Pipes are laid in the body in parallel. Connect to DHW through shut-off valves. A thin incision is made along the pipe into which a polycarbonate sheet can be inserted. Thanks to the thermosyphon principle, water will independently enter the grooves (cells) of the sheet, heat up and go into the storage tank located at the top of the entire heating system. Heat-resistant silicone is used to seal and fix the sheets inserted into the pipe.


To increase the thermal efficiency of the collector from cellular polycarbonate, the sheet is coated with any selective paint. Heating of water after applying a selective coating is accelerated by approximately two times.

Vacuum tube manifold

In this case, it will not be possible to manage exclusively with improvised means. To make a solar collector, you will have to buy vacuum tubes. They are sold by companies involved in the maintenance of solar systems and directly by manufacturers of solar water heaters.

For self-produced it is better to choose flasks with feather rods and a heat-pipe.

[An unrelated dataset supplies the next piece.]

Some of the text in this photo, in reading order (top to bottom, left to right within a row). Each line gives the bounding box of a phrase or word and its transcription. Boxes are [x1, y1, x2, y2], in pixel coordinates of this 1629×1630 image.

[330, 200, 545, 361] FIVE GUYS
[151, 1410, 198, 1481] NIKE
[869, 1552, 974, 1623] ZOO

Tubes are easier to mount and change if necessary.

You also need to purchase a block hub for a vacuum solar collector. When choosing, pay attention to the performance of the node (determined by the number of tubes that can be simultaneously connected to the device). The frame is made independently, assembling a wooden frame. Savings in the manufacture at home, taking into account the purchase of ready-made vacuum tubes, will be at least 50%.

Solar system from plastic bottles

For cooking, you need about 30 pieces. PET bottles. When assembling, it is more convenient to use containers of the same size for 1 or 1.5 liters. On preparatory stage labels are removed from the bottles, the surface is thoroughly washed. In addition to plastic containers, you will need the following:
  • 12 m hose for watering plants, 20 mm in diameter;
  • 8 T-pieces;
  • 2 knees;
  • roll of teflon film;
  • 2 ball valves.
In the manufacture of solar collectors from plastic bottles, a hole is made at the bottom of the base equal to the diameter of the neck, where a rubber hose or PVC pipe is inserted. The collector is assembled in 5 rows of 6 bottles on each line.

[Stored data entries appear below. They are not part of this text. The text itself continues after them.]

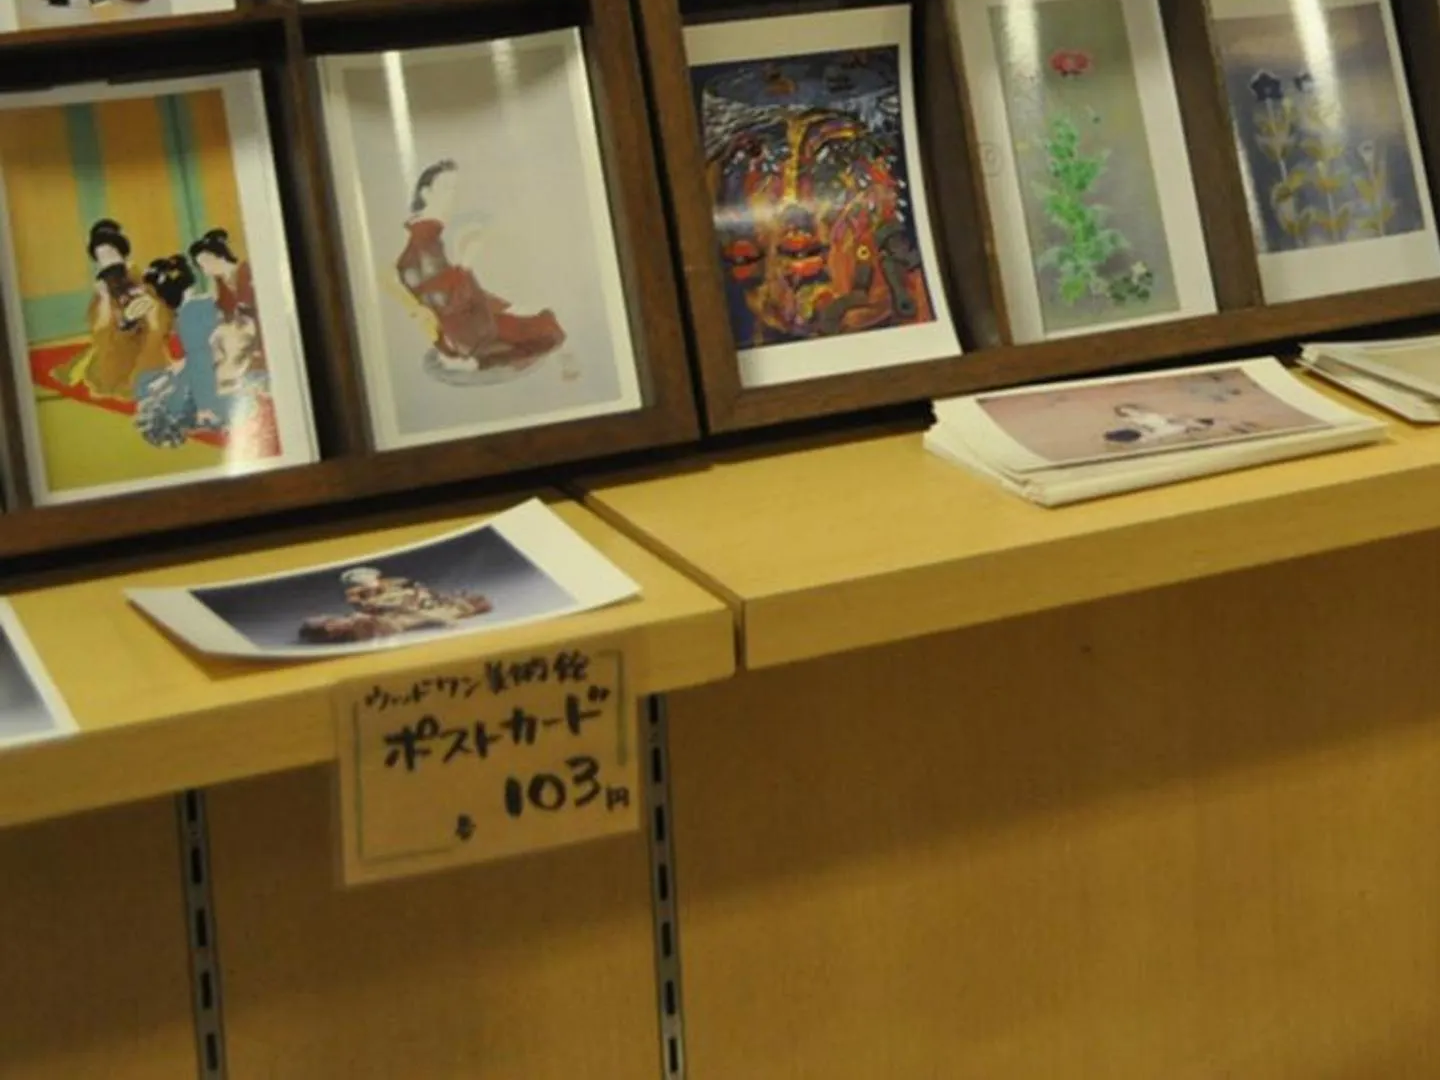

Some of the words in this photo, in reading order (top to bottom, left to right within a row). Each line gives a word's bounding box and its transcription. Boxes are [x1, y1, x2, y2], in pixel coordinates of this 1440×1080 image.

[383, 685, 611, 772] ポストカード
[504, 754, 631, 818] 103円
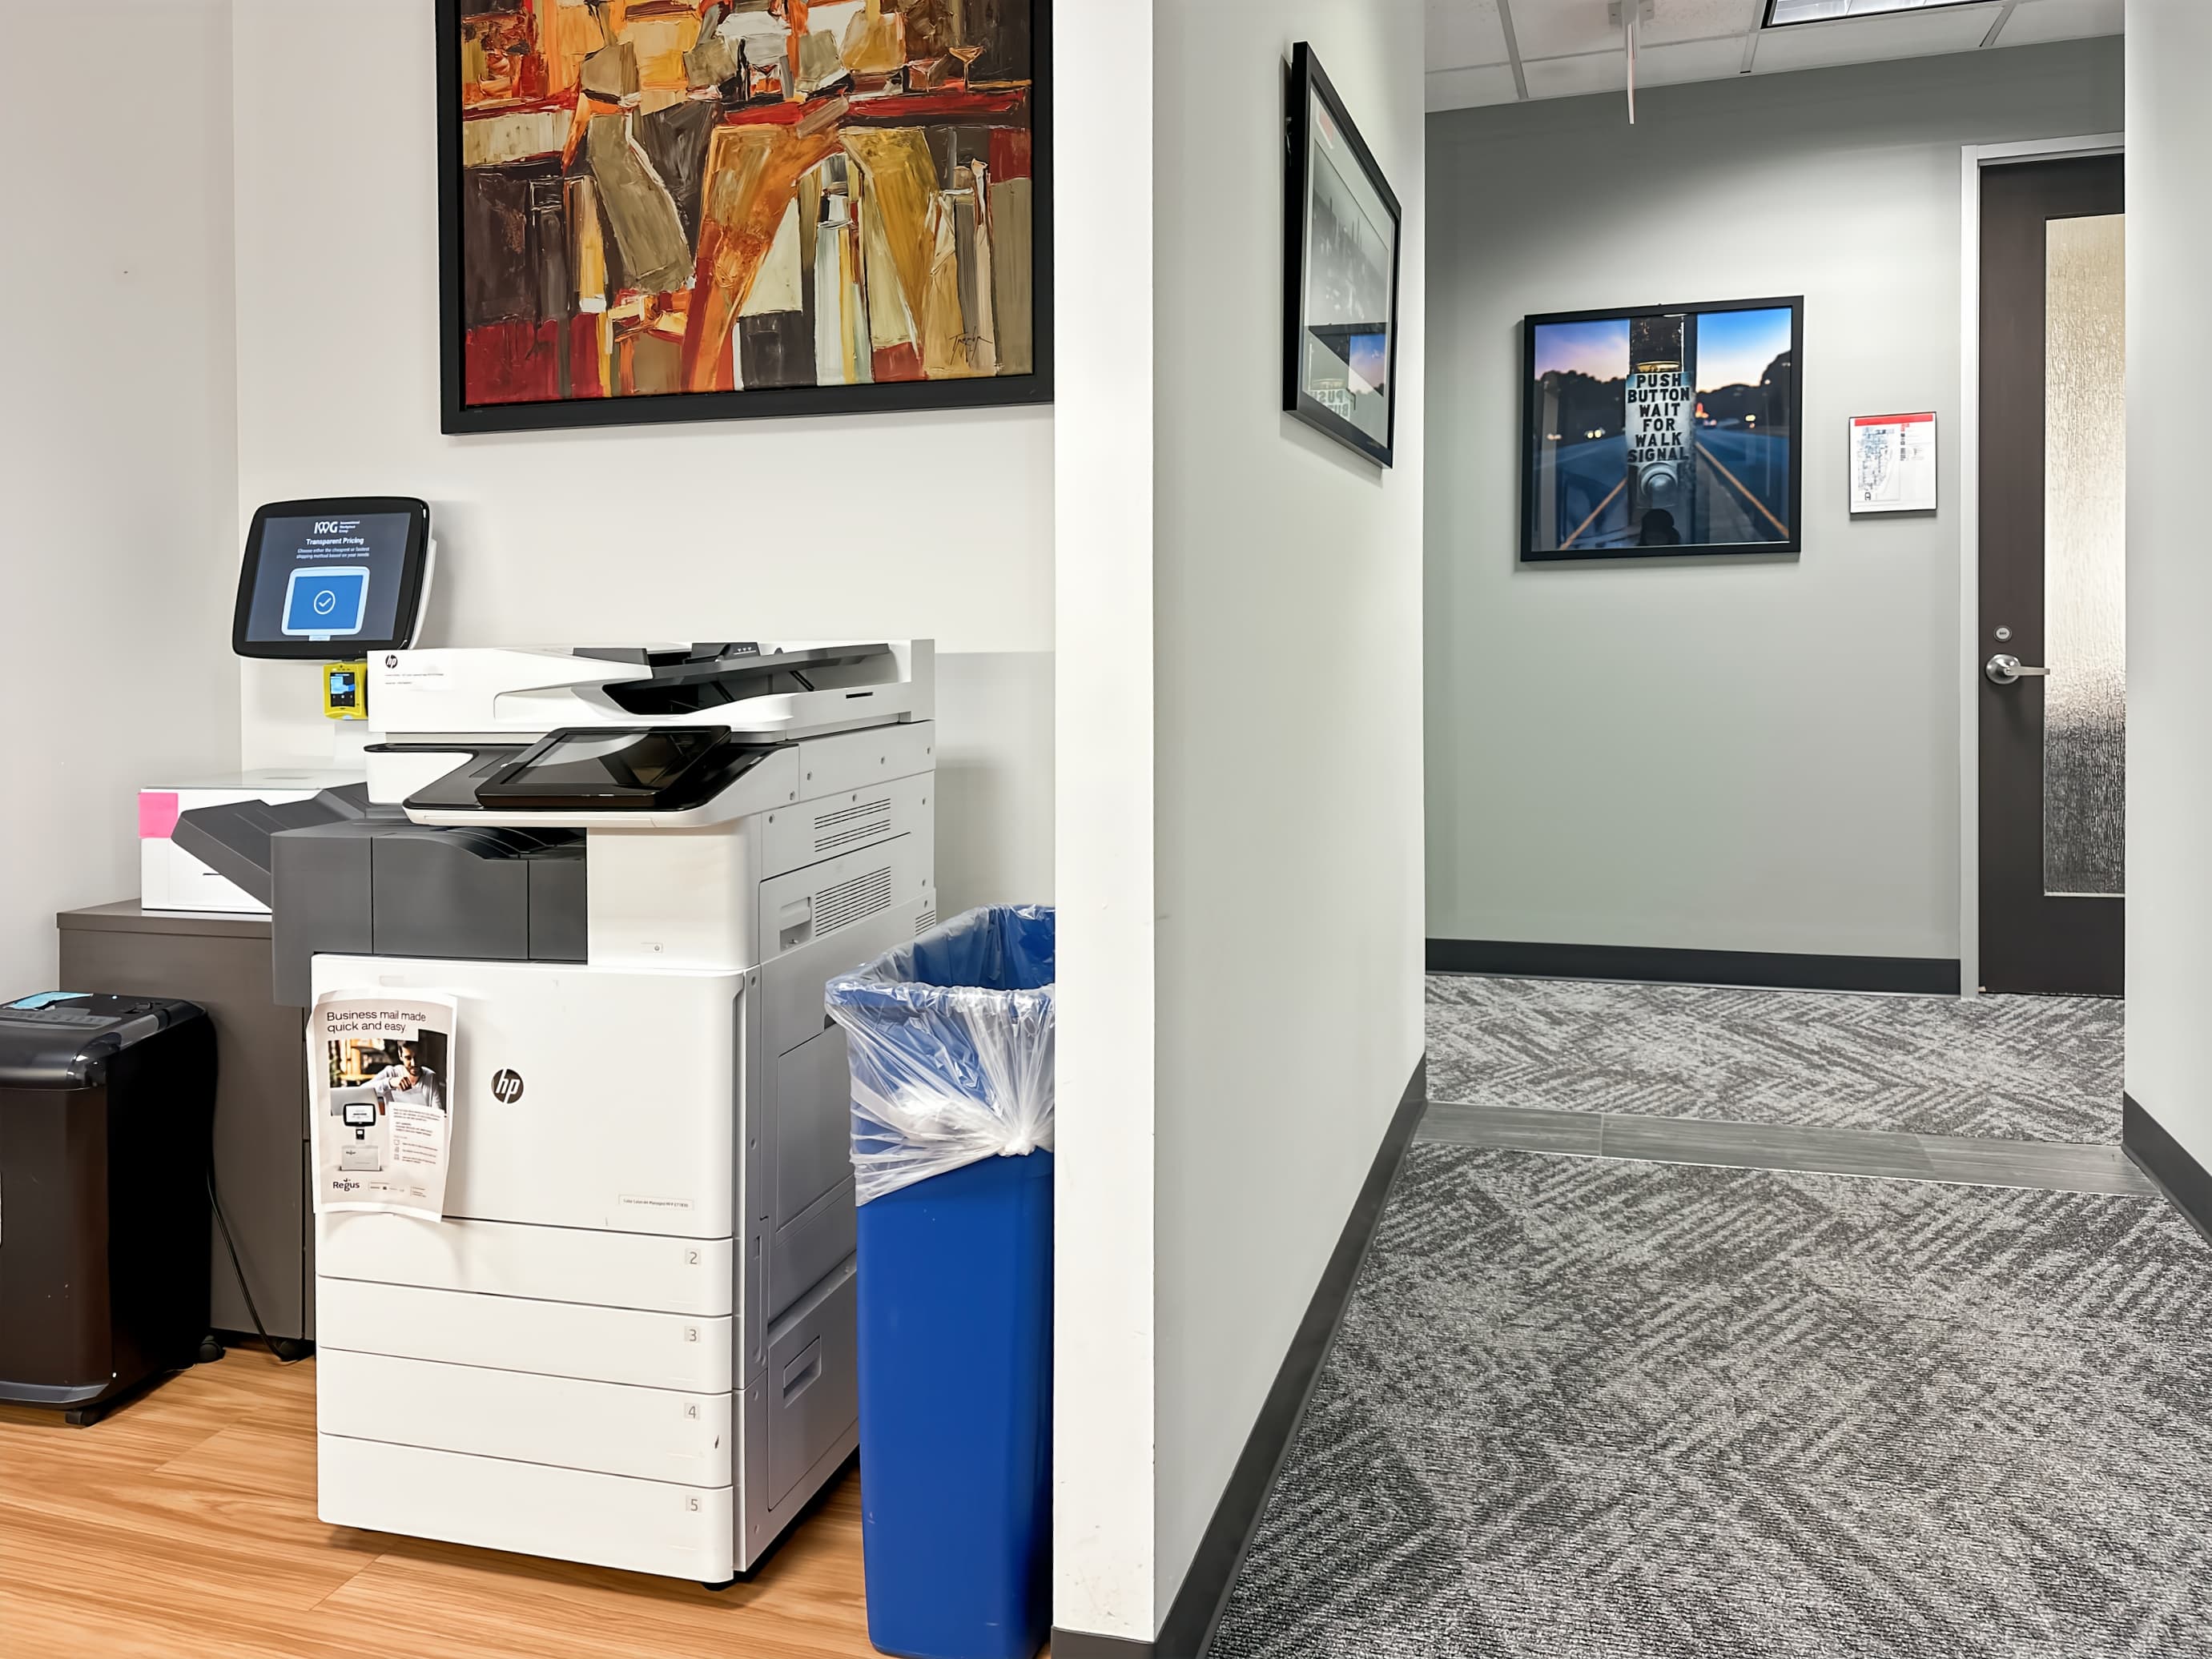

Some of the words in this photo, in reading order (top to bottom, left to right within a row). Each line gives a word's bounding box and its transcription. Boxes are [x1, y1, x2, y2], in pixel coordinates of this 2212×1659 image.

[1636, 373, 1682, 388] PUSH
[1627, 388, 1691, 403] BUTTON
[1639, 403, 1680, 417] WAIT
[1643, 418, 1675, 432] FOR
[1635, 432, 1682, 448] WALK
[1627, 447, 1690, 463] SIGNAL
[343, 536, 364, 545] Pricing
[327, 1010, 377, 1022] Business
[380, 1010, 399, 1019] mail
[401, 1012, 426, 1022] made
[327, 1021, 359, 1034] quick
[361, 1021, 382, 1030] and
[493, 1069, 523, 1103] hp
[332, 1180, 360, 1191] Regus
[689, 1251, 698, 1264] 2
[689, 1329, 697, 1341] 3
[689, 1405, 696, 1419] 4
[690, 1499, 698, 1511] 5

On a clear day, after 15 minutes. the water will heat up to 45°C. Considering high performance It makes sense to connect a solar water heater from plastic bottles to a storage tank of 200 liters. The latter is well insulated to prevent heat loss.

Aluminum beer can collector

Aluminum has good thermal characteristics. Not surprisingly, metal is used to make heating radiators.

Aluminum cans can be used in the manufacture of homemade solar systems. Cans made of tin and any other metal are not suitable for production.

For one solar panel, the following components will be required:

  • jars, about 15 pcs. per line, the body fits 10-15 rows;
  • heat exchanger - a collector is used from a rubber hose, or plastic pipes;
  • glue for gluing cans together;
  • selective paint.
The surface of the cans is painted in dark color. The box is covered with thick glass or polycarbonate.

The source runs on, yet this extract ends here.